Transcribe the listing exactly, leaving out every picture.
### DATASET ENTRIES
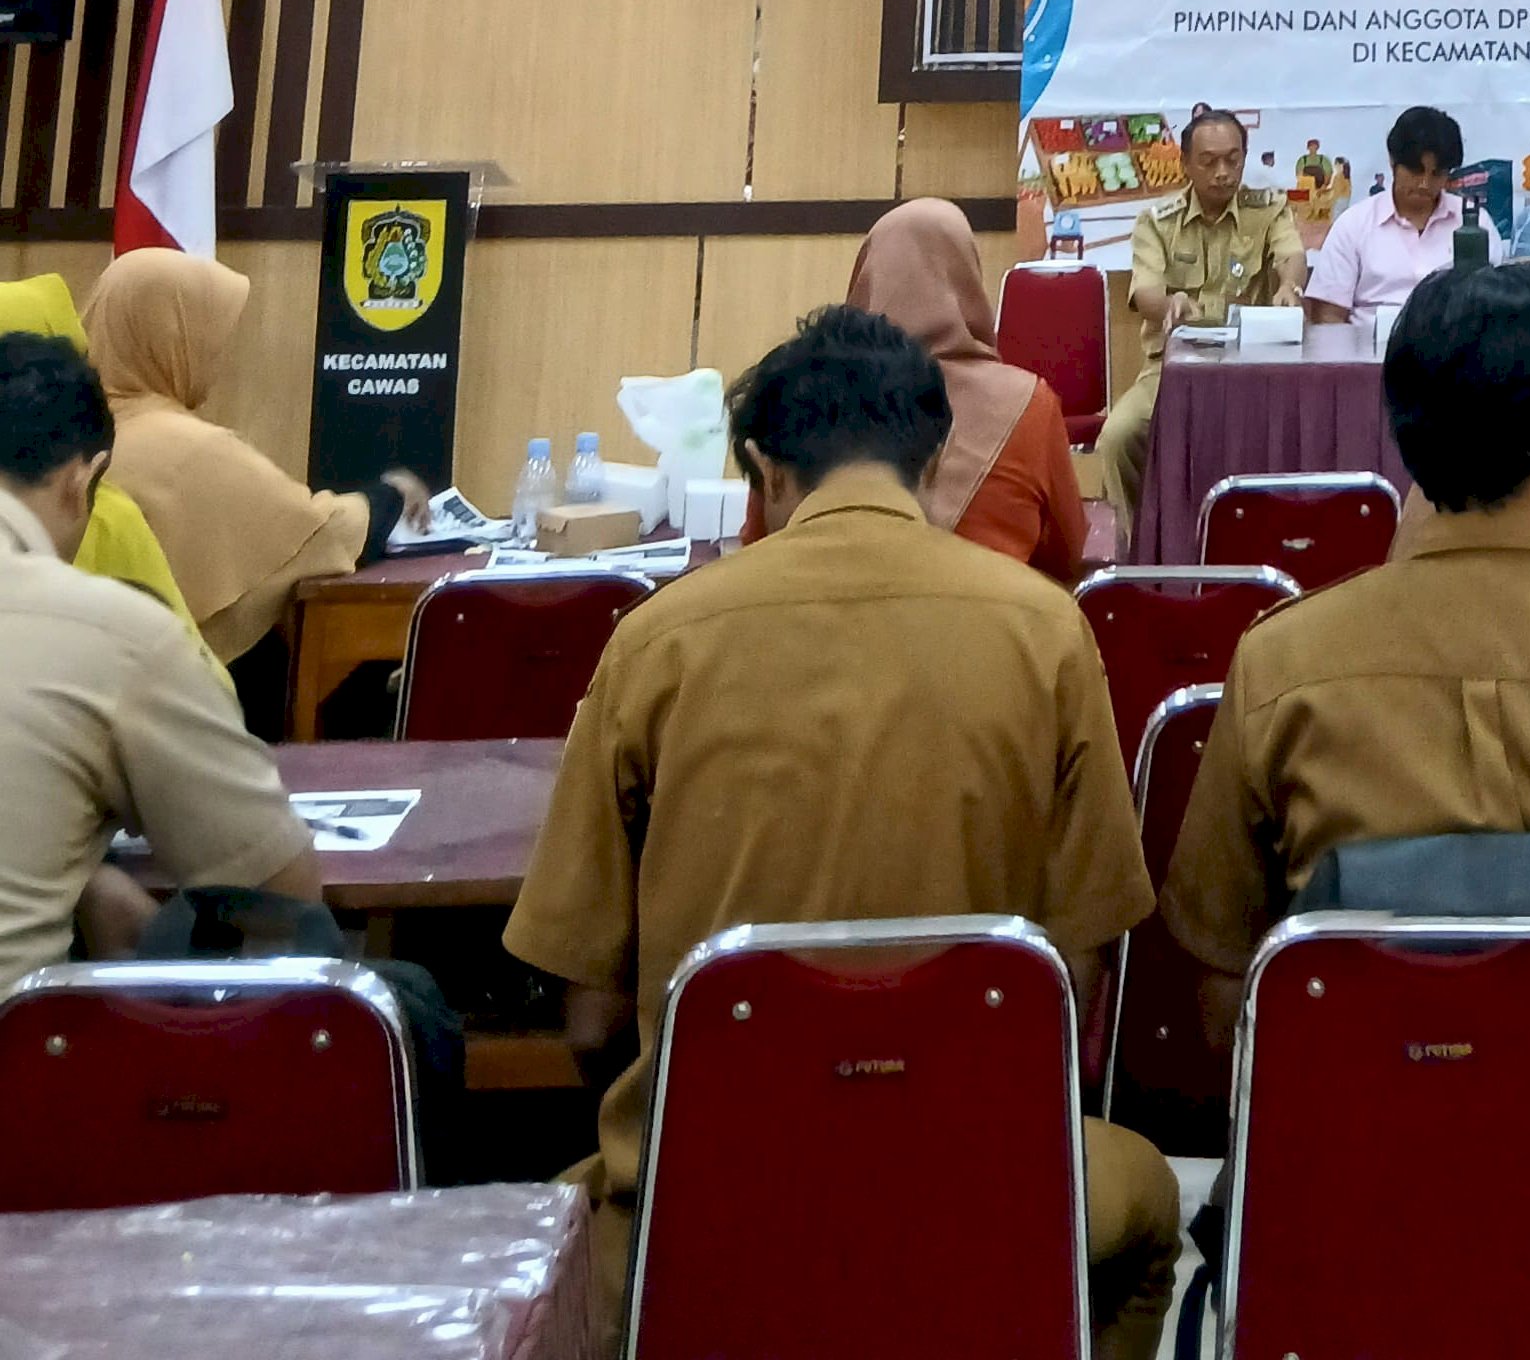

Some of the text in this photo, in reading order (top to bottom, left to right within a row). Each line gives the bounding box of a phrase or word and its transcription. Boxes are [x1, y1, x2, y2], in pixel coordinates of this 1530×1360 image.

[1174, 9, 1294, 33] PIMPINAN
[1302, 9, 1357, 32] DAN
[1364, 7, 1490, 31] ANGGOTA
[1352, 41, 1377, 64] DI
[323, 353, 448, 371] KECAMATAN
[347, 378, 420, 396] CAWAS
######
**RESULT BELOW**
Some of the text in this photo, in reading order (top to bottom, left to right within a row). Each line gives the bounding box of a phrase or word and its transcription. Boxes are [x1, y1, x2, y2], in pixel coordinates of this 1530×1360 image.

[1174, 9, 1294, 33] PIMPINAN
[1302, 9, 1357, 32] DAN
[1364, 7, 1490, 31] ANGGOTA
[1352, 41, 1377, 64] DI
[323, 353, 448, 371] KECAMATAN
[347, 378, 420, 396] CAWAS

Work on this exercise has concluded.